The reason that Guadalcanal was so important was relatively simple. The harbor of neighboring Tulagi Island could be used as a base for Japanese naval forces. An operational airfield on Guadalcanal would place numerous American installations within range of attack. The combination of these might actually sever the supply lines between the United States and the South Pacific. Such a turn of events would compel American forces to retire to the east and leave Australia virtually open to invasion.

The stand by Colonel Merritt A. Edson’s Marines and Paratroopers at Bloody Ridge sent a message to the Japanese. The line had been drawn. This was the turning point. The Americans had surprised the overconfident Japanese with their landings on Guadalcanal, captured the unfinished airstrip, then completed it and renamed it Henderson Field. Now, though they were to pay a high price, they would not let go of it.

Edson’s men lost 40 killed and 103 wounded, 20 percent of their complement, but the enemy force of more than 2,000 was cut to pieces. The ferocity of Edson’s defense was a harbinger of desperate months of combat yet to come. In addition to the continued fighting on the island, naval battles swirled around it, both sides taking horrendous losses in men and ships. Perhaps the Japanese could have accomplished their goals in the South Pacific by other means. Instead, they chose to reinforce Guadalcanal throughout the campaign, losing thousands of soldiers and tons of materiel in the process.

When the last Japanese soldiers had left this tropical hell, a document was discovered that placed the savage battle for Guadalcanal in context. It read, “It must be said that success or failure in recapturing Guadalcanal, and the results of the final naval battle related to it, is the fork in the road that leads to victory for them or for us.”
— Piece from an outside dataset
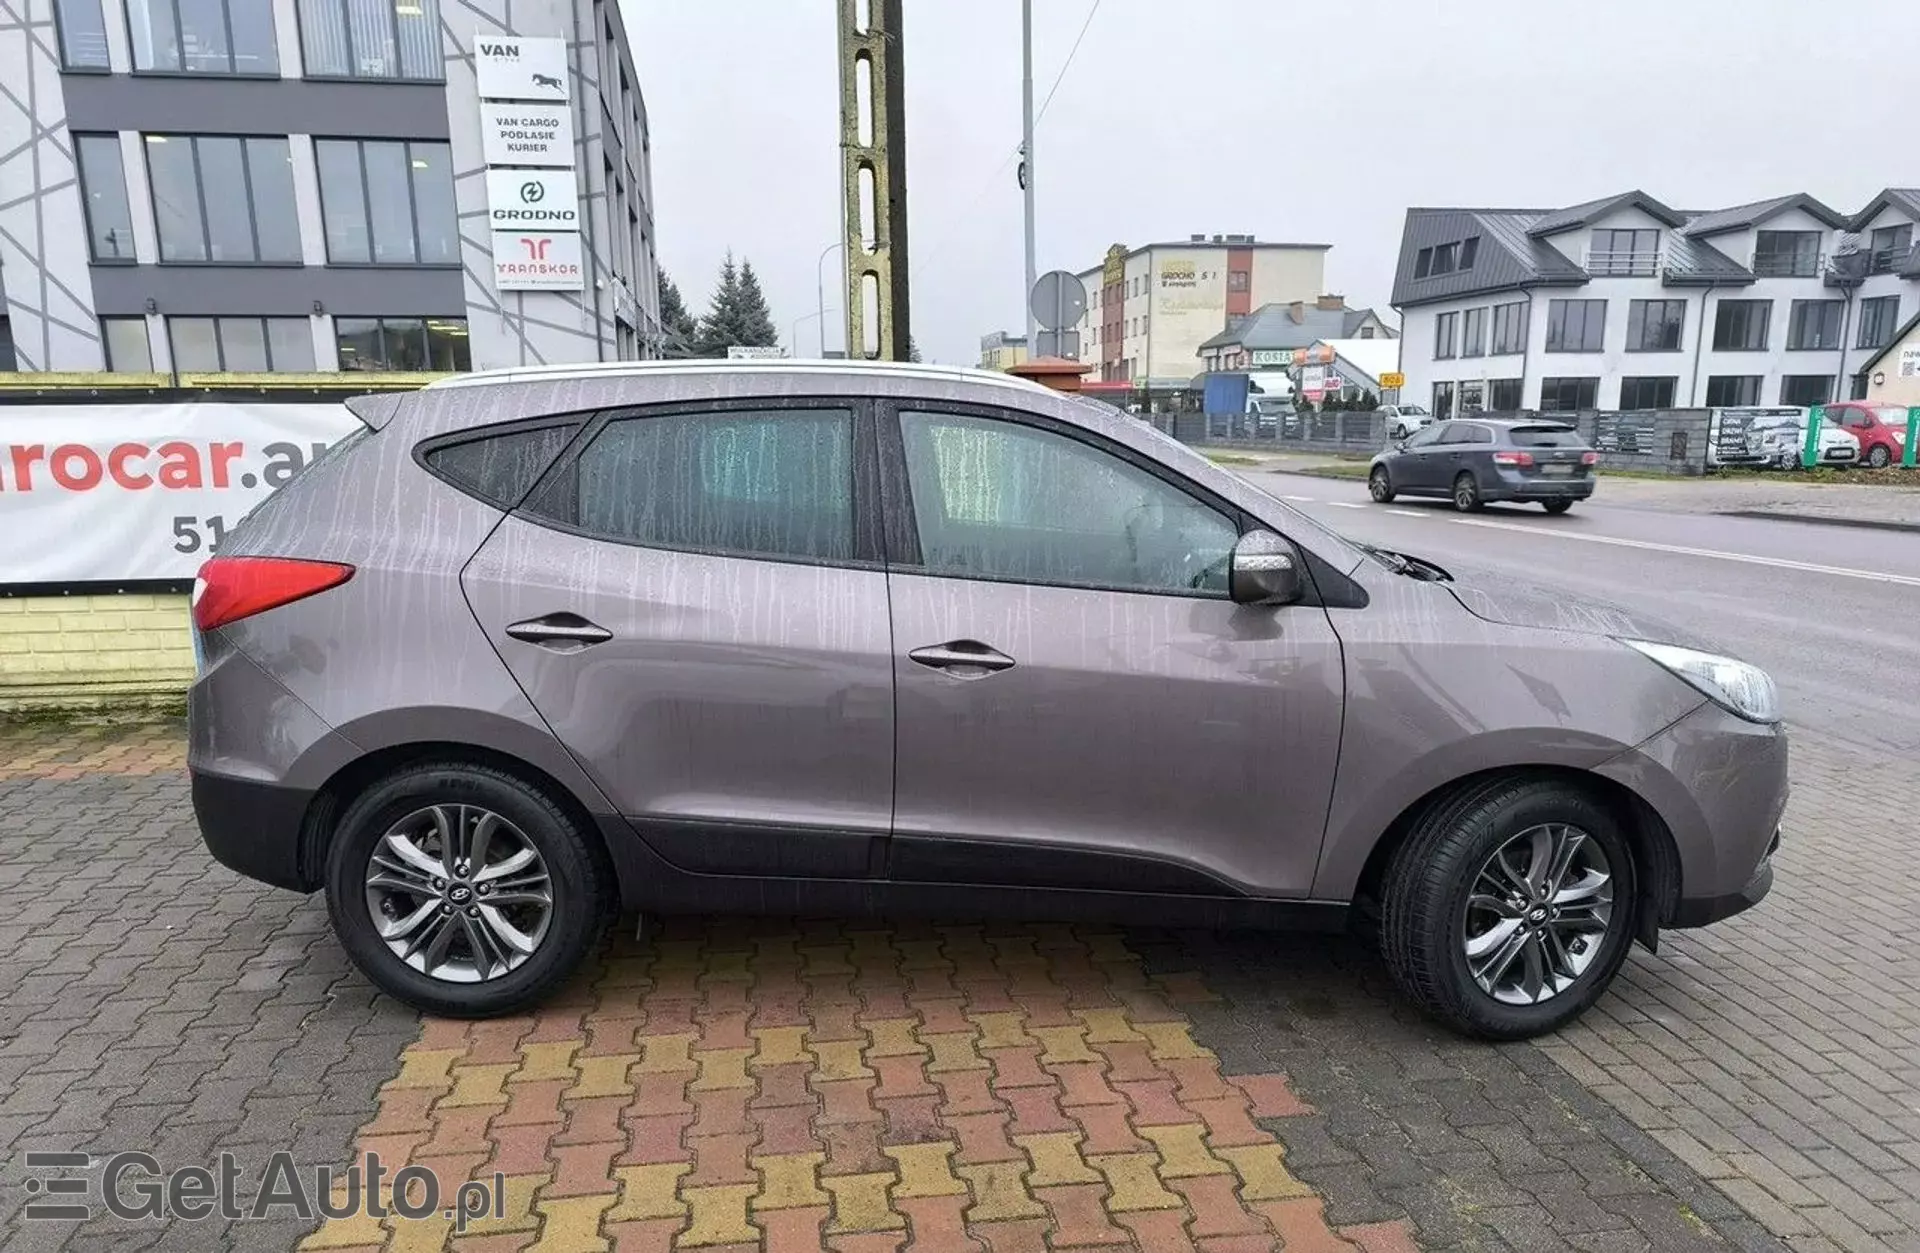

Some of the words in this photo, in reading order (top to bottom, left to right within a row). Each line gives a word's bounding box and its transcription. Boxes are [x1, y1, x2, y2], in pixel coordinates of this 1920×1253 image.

As for the American point of view, famed naval historian Samuel Eliot Morison probably illustrated it best. He noted that a sign raised at the fleet landing on recaptured Tulagi read, “KILL JAPS, KILL JAPS, KILL MORE JAPS!” It was painted with letters that were two feet high.
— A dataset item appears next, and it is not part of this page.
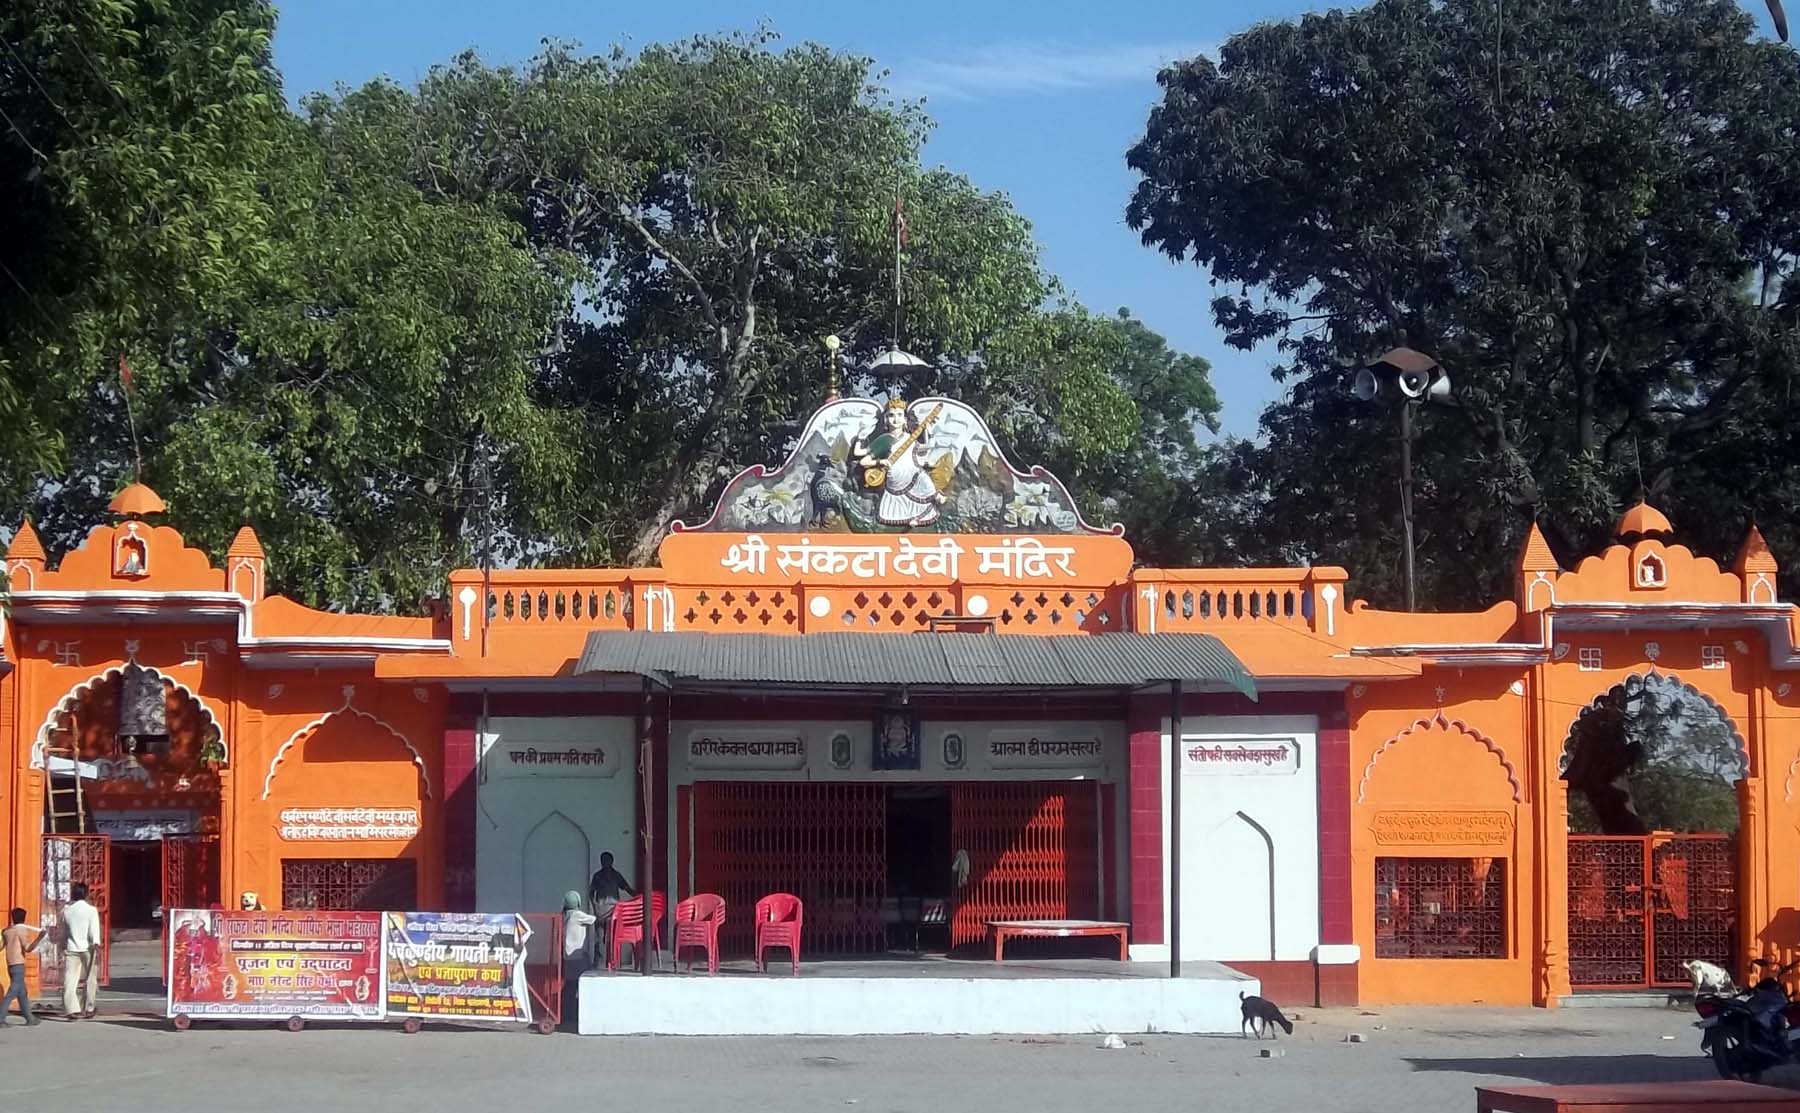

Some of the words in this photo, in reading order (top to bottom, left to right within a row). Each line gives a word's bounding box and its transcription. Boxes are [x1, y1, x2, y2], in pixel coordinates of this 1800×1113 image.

“This may shock you, reader; but it is exactly how we felt,” Morison continued. “We were fighting no civilized, knightly war. We cheered when the Japs were dying. We were back to primitive days of Indian fighting on the American frontier; no holds barred and no quarter. The Japs wanted it that way, thought they could thus terrify an ‘effete democracy’; and that is what they got, with all the additional horrors of war that modern science can produce.”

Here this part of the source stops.